Relatively high-yielding currencies such as the Australian dollar, New Zealand dollar and the Canadian dollar  all rose against the greenback.

"The main driver was the speech by China's President overnight that helped to calm some concerns about a looming trade war," said Omer Esiner, chief market strategist with Commonwealth Foreign Exchange in Washington.

The dollar index, which measures the greenback against a basket of six major currencies, was down 0.23 percent at 89.634, still close to a nearly two-week low.

The dollar index did not get much of a boost from data showing U.S. producer prices increased more than expected in March.

"The surge in producer price inflation is another sign that inflationary pressures are building rapidly," Paul Ashworth, chief U.S. economist at Capital Economics in Toronto, said in a note.
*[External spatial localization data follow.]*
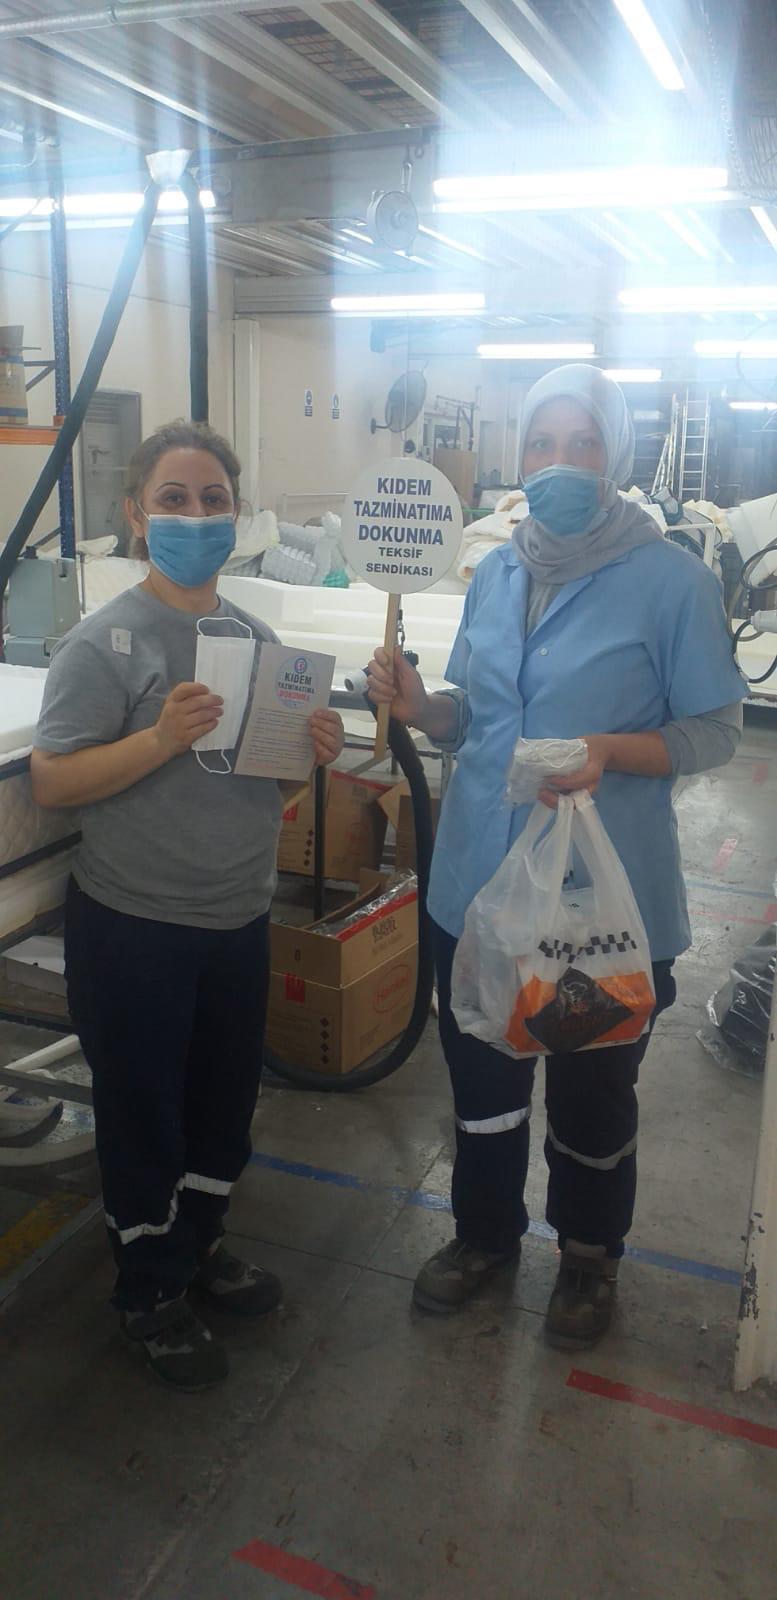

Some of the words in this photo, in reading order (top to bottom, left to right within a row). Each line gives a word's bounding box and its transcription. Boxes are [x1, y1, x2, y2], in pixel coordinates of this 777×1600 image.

[377, 477, 432, 496] KIDEM
[354, 498, 453, 522] TAZMİNATIMA
[358, 524, 444, 545] DOKUNMA
[378, 546, 423, 559] TEKSİF
[366, 562, 433, 577] SENDİKASI
[284, 671, 312, 686] KIDEM
Investors are now focused on U.S. consumer price index report for March, due on Wednesday, Esparza said.

The euro was up 0.28 percent against the dollar after European Central Bank policymaker Ewald Nowotny told Reuters in an interview that its 2.55-trillion euro ($3.15 trillion) bond buying program would be wound down by the end of this year, which would then pave the way for the bank's first rate rise since a fumbled move in 2011.

"Those comments, combined with the ECB's annual report from yesterday, continue to support the euro," said Esiner.

The euro gave up some gains against the dollar after an ECB spokesman said Nowotny's comments about the future path of ECB rates do not represent views of the bank's rate setting Governing Council.

The dollar was up 3.56 percent against the Russian rouble , its strongest since December 2016, as a sell-off of Russian assets continued. The investor exodus began on Friday, when the United States imposed sanctions against 17 senior government officials plus seven oligarchs and 12 companies they own or control.

The pound rose to a two-week high after as the U.S. dollar fell and a top policymaker said the Bank of England should press ahead with an interest rate hike to curb inflation.